Is Marx relevant today?
Every corner of the world is in turmoil politically, economically and socially. Mass struggle is breaking out in all parts of the world. All these struggles strike at the heart of the exploitative system of capitalism and its imperialist globalisation. They are intensifying contradictions between the people of the world and capital that cannot be resolved, what Marx termed the antagonistic contradictions of capitalism (between capital and labour).

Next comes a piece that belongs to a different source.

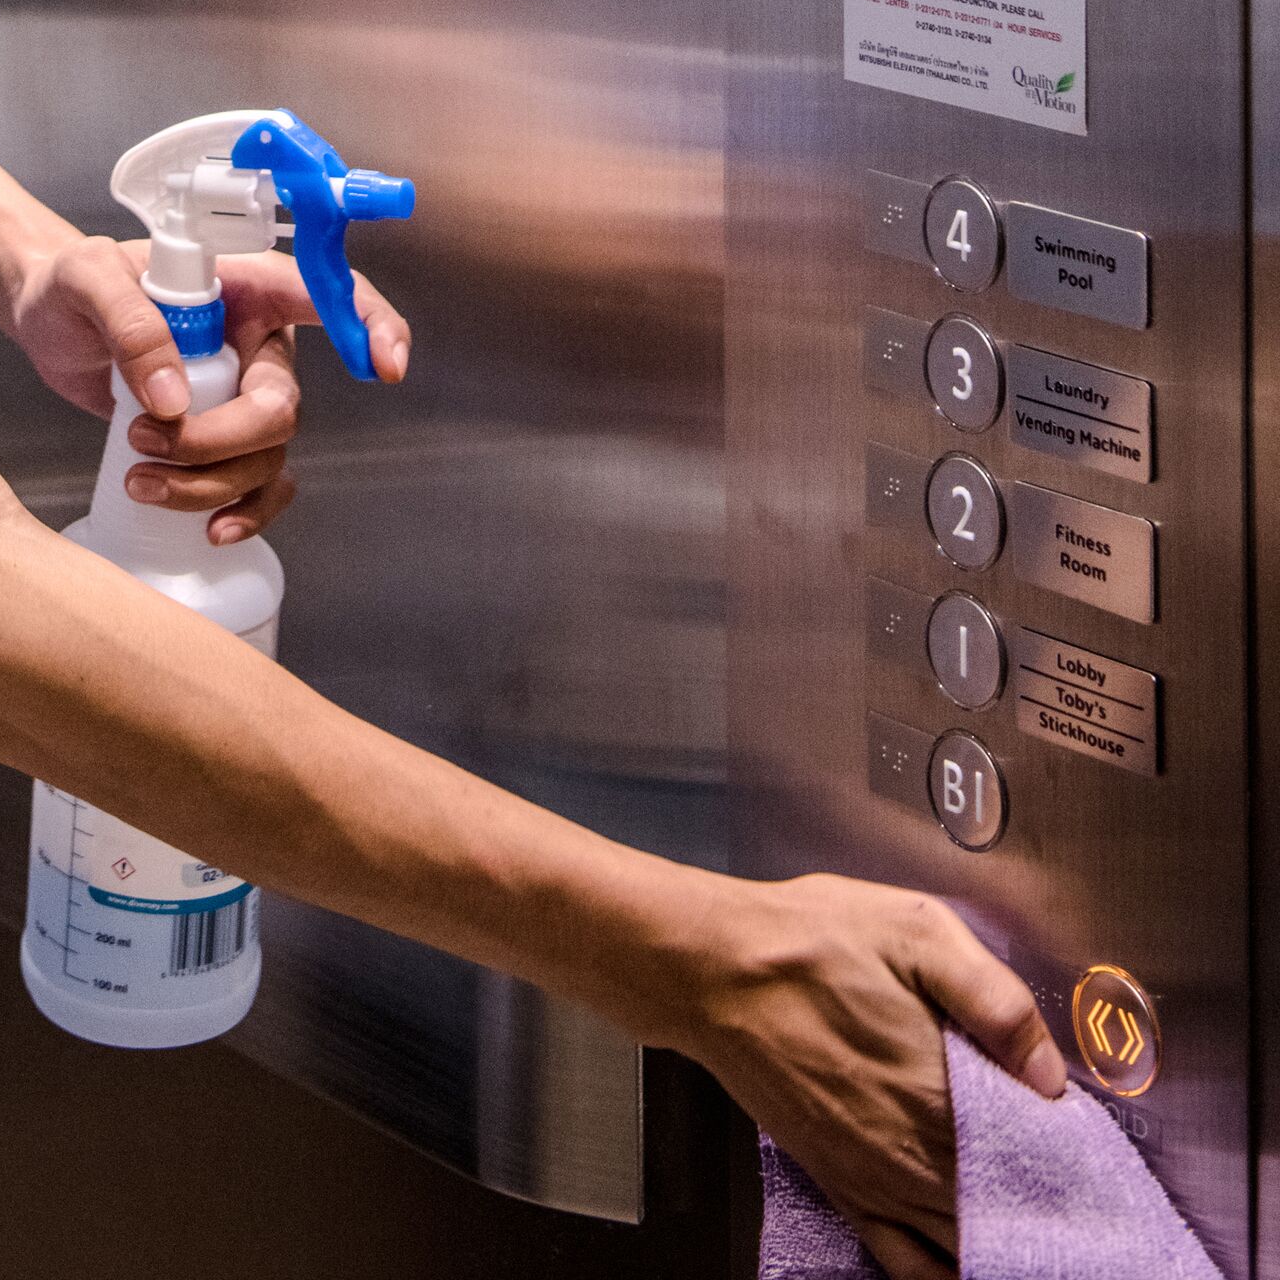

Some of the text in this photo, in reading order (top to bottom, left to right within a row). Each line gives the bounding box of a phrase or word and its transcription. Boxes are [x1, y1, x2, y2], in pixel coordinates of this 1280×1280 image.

In Australia we need only to point to the powerful national strike by tens of thousands of school children yesterday demanding immediate action on climate change;
The hundreds of thousands of working people across the country taking over the streets of major capital and regional cities in October demanding workers’ rights, decent wages and conditions, etc.;
The Exxon-Mobil Longford workers who’ve been holding out on a picket line against one of the world’s biggest multinationals for well over a year, sustained by solidarity of the working class around the country;
The hundreds of many other strikes and pickets in workplaces, and the constant outbreaks of community protests on the environment, community services, welfare, democratic rights, treatment of refugees, racism and sexism.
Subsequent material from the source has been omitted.